Displaying them in a museum of natural history wouldn't make sense, said Mr. Pell, 36, who teaches different kinds of electronic media in the School of Art at Carnegie Mellon University. The salmon, mice and zebrafish, altered by human engineering, were no longer completely natural.
They were … post-natural.
“If you've changed the breed, then that's part of this post-natural history,” Mr. Pell said.
An idea was born, and Mr. Pell, an artist whose work has drifted toward the engineering field, decided to create his own Center for PostNatural History.
He first stumbled upon the idea of preserving the artifacts of post-natural history at his high school reunion a few years ago. He was trying to impress a classmate by talking about his work dealing with robotics, but his classmate ended up impressing him by talking about his work in synthetic biology.
Soon, Mr. Pell found himself tagging along with his high school classmate to discussions about synthetic biology. In the emerging field, all ideas were welcome.
“Having an artist at the table made as much sense as anything else,” Mr. Pell said.
For the past few years, he has been collecting examples of post-natural artifacts. He has a model of a breed of Atlantic salmon that grows rapidly due to the addition of a growth hormone taken from a Chinook salmon.

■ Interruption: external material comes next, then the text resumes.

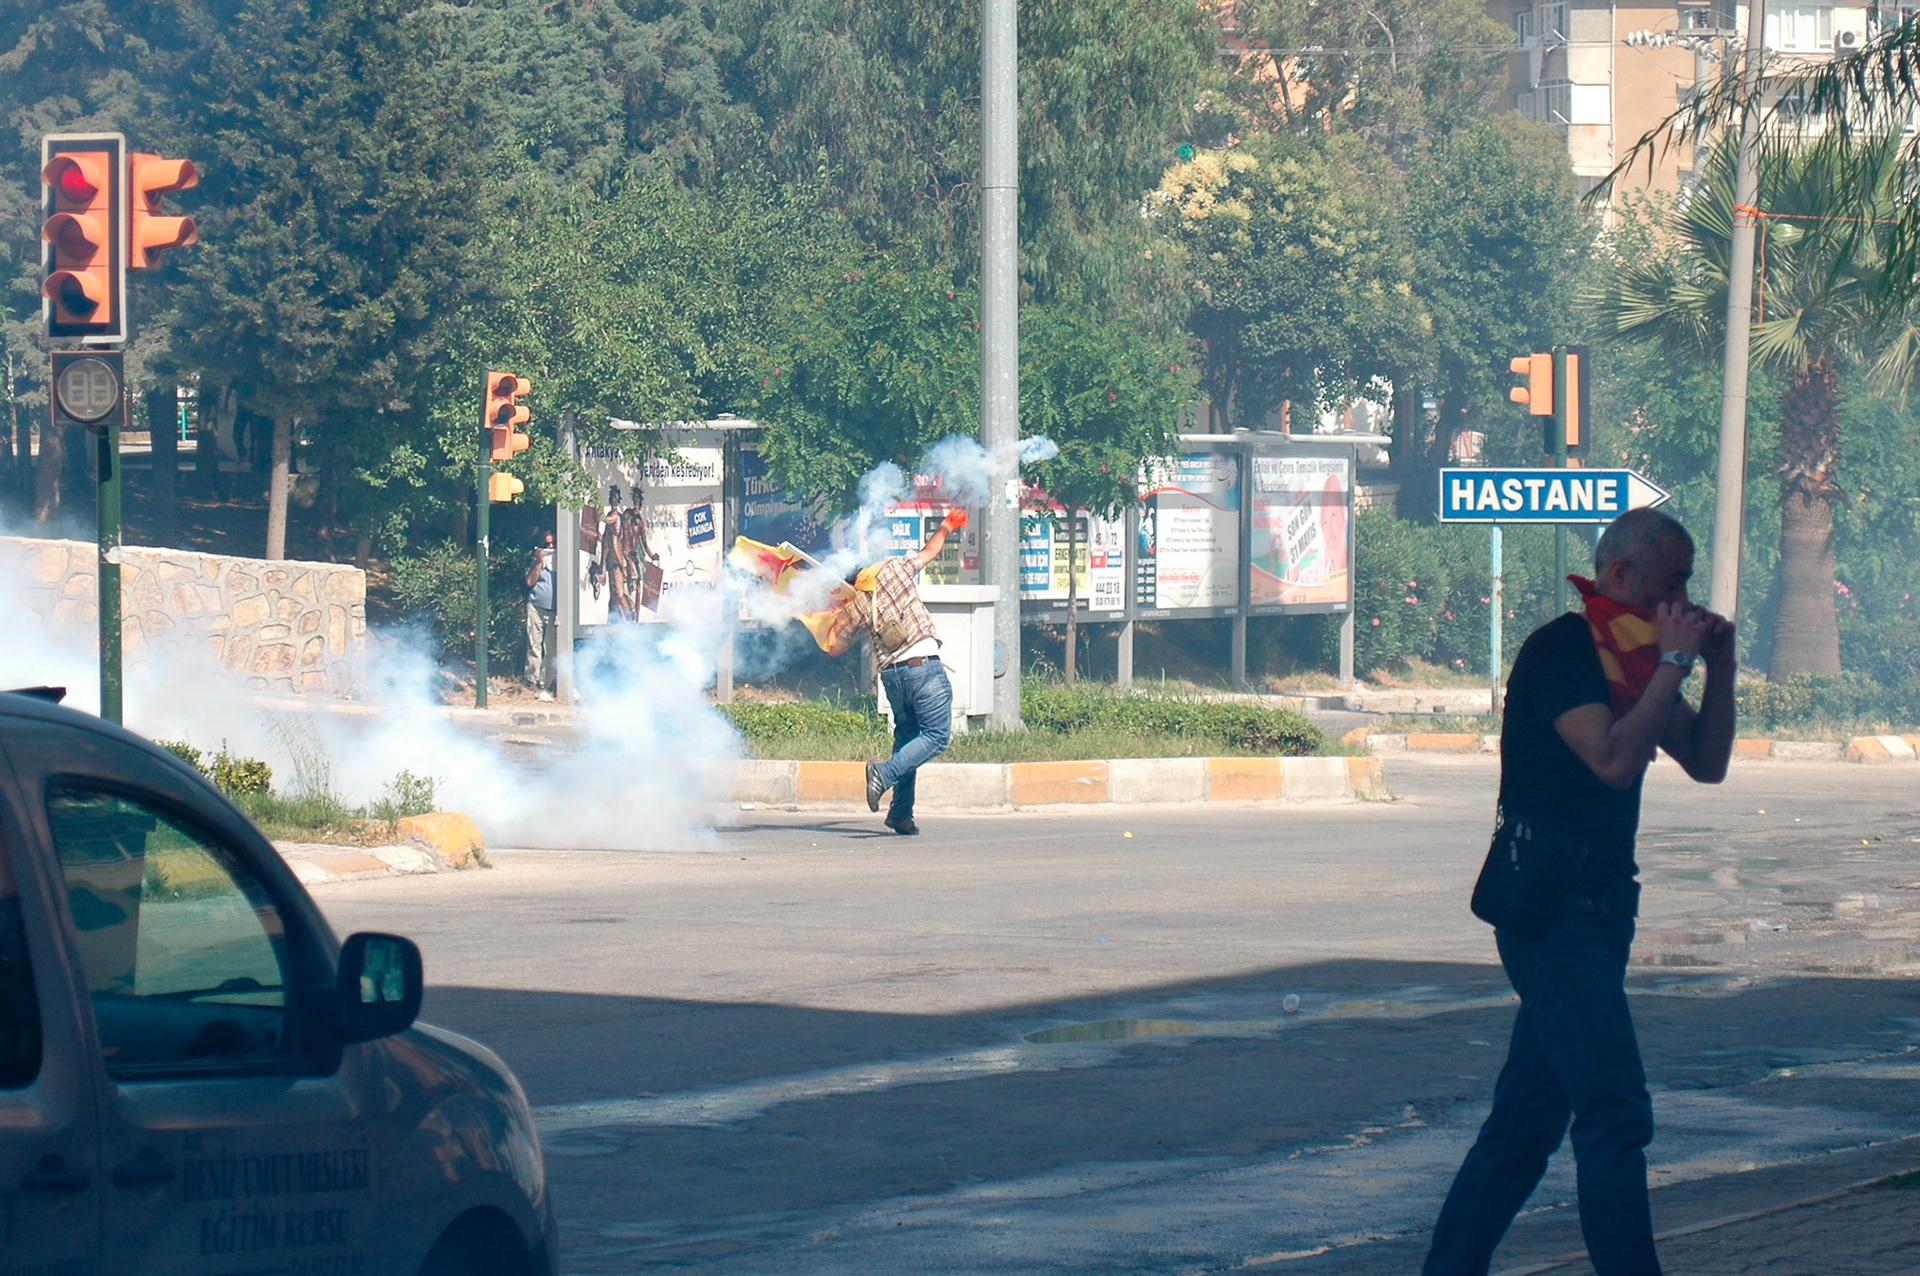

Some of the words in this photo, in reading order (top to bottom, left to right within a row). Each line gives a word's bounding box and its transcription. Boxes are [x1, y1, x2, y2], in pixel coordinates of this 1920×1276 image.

He has dead mice that have been altered for the purposes of research, including one bred to be overweight and another bred to be hairless. and he has GloFish, the flourescent zebrafish,
But there has long been a need to find a place to store the artifacts — the Center for PostNatural History has existed as a traveling exhibit for a few years. In March, Mr. Pell found his artifacts a home in Garfield.